De cuando en cuando, el ramaje se agita, se entreabre y deja atisbar durante medio segundo el borroso flanco del gran bicho. Y así, los cuentos de Mavis Gallant suelen tener de pronto una imagen brutal, tres frases despiadadas, un rayo de sentido que parece recorrerlos de manera fulminante de arriba abajo. He aquí un ejemplo: Carmela, la criadita italiana de doce años de los Unwin, un matrimonio británico que vive en la Italia de Mussolini, no entiende a sus señores y no comprende absolutamente nada de lo que está sucediendo en el mundo.

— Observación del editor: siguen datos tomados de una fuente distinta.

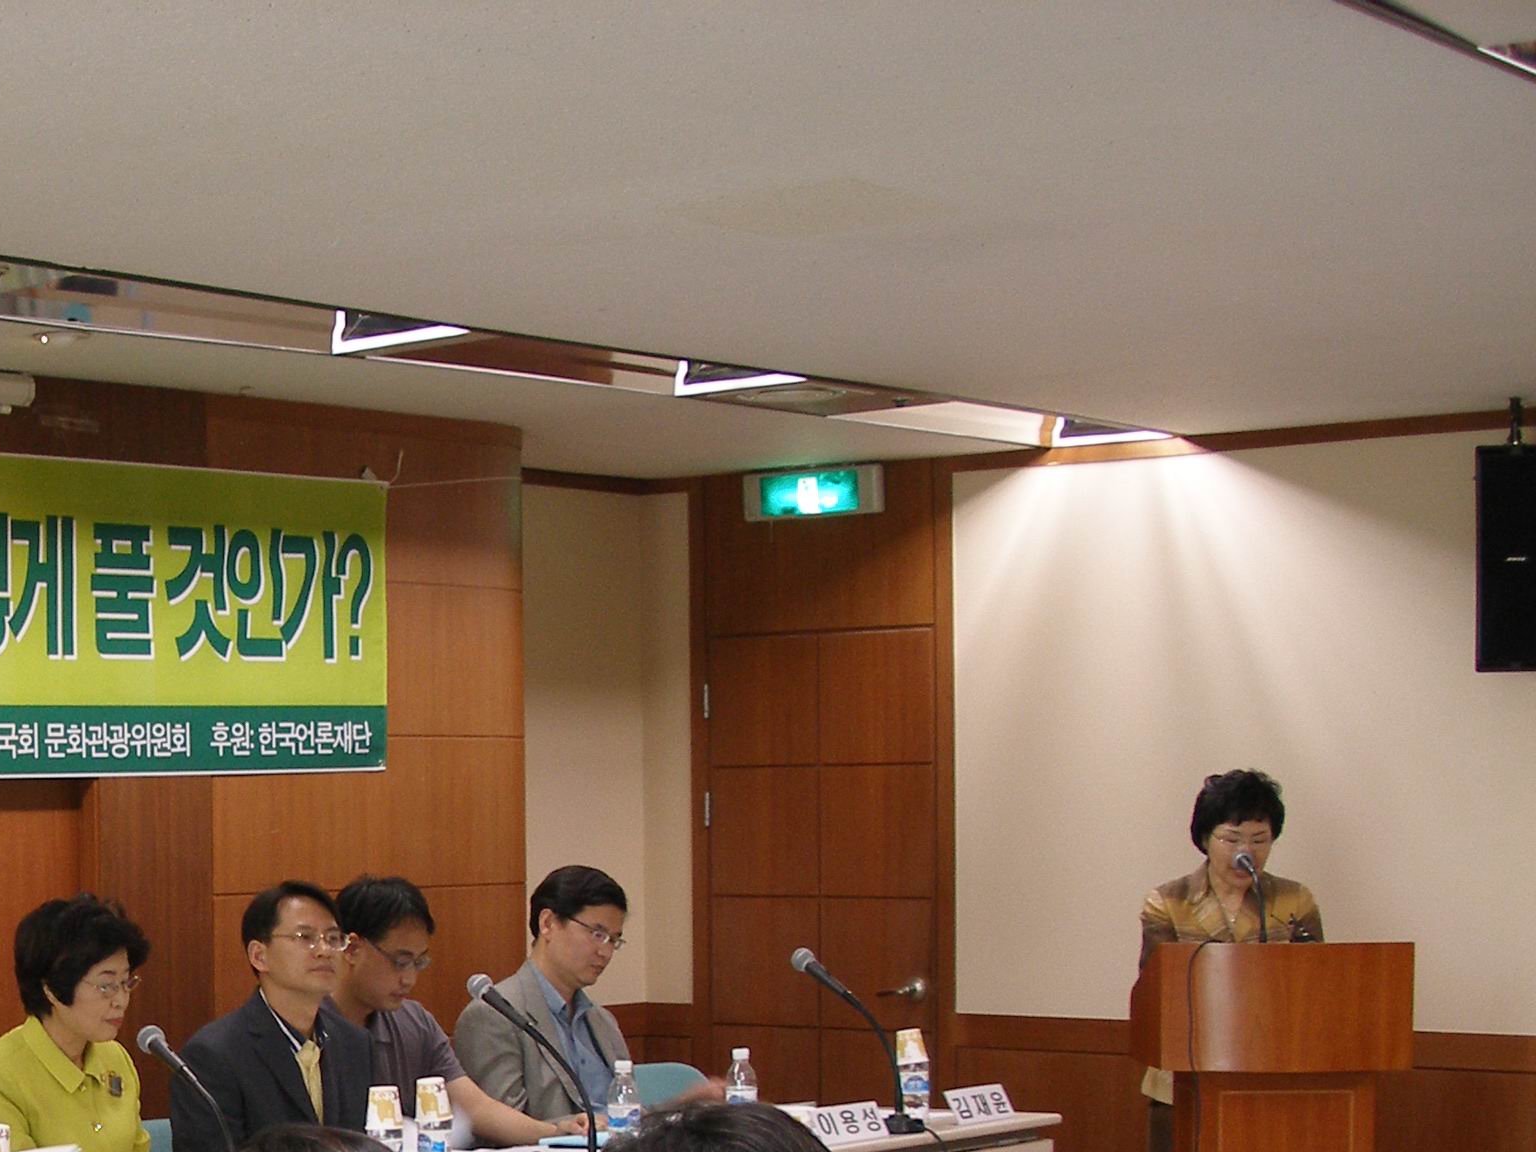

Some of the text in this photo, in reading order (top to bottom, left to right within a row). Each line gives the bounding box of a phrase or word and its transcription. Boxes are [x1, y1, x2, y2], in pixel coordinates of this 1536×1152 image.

[90, 522, 155, 660] 풀
[165, 524, 373, 662] 것인가?
[44, 722, 191, 759] 문화관광위원회
[210, 721, 255, 757] 후원:
[258, 721, 372, 757] 한국언론재단

En realidad, ya tiene bastante trabajo con sobrevivir. Un día se topa con una escena inesperada: el amable doctor Chaffee, el médico del pueblo, toda una autoridad para ella hasta ese momento, es llevado a punta de pistola calle arriba junto con otros judíos. Chaffee, que viste un elegante traje oscuro, la ve al pasar; ella lo mira con vergüenza, porque no se ha tomado las pastillas que le mandó. Entonces el doctor "hizo un alto, sonrió y agitó la cabeza. Había algo a lo que decía no. Aterrorizada, (Carmela) miró de nuevo y esta vez él levantó su mano con la palma hacia afuera en un curioso gesto que no era un saludo. Le empujaron. Nunca más le vio". Mucho más adelante, en la línea final del cuento, nos enteramos de cuál era el ademán que había hecho el doctor: "Una sonrisa, un gesto, la sosegada bendición de un hombre, eso fue lo que ella retuvo para el presente". Chaffee ni siquiera es un personaje principal del relato, pero, ah, ese tipo sonriendo y bendiciendo a una niña desde el borde del abismo... Ese relámpago ilumina la oscuridad y por un instante te parece poder ver el lomo de la bestia, el color de su pelo, incluso llegar a adivinar de qué animal se trata. Pero luego la resplandeciente luz vuelve a apagarse y seguimos, como siempre, sin saber nada. -
Los cuentos. Mavis Gallant. Traducción de Sergio Lledó. Lumen. Barcelona, 2009. 936 páginas, 35,90 euros.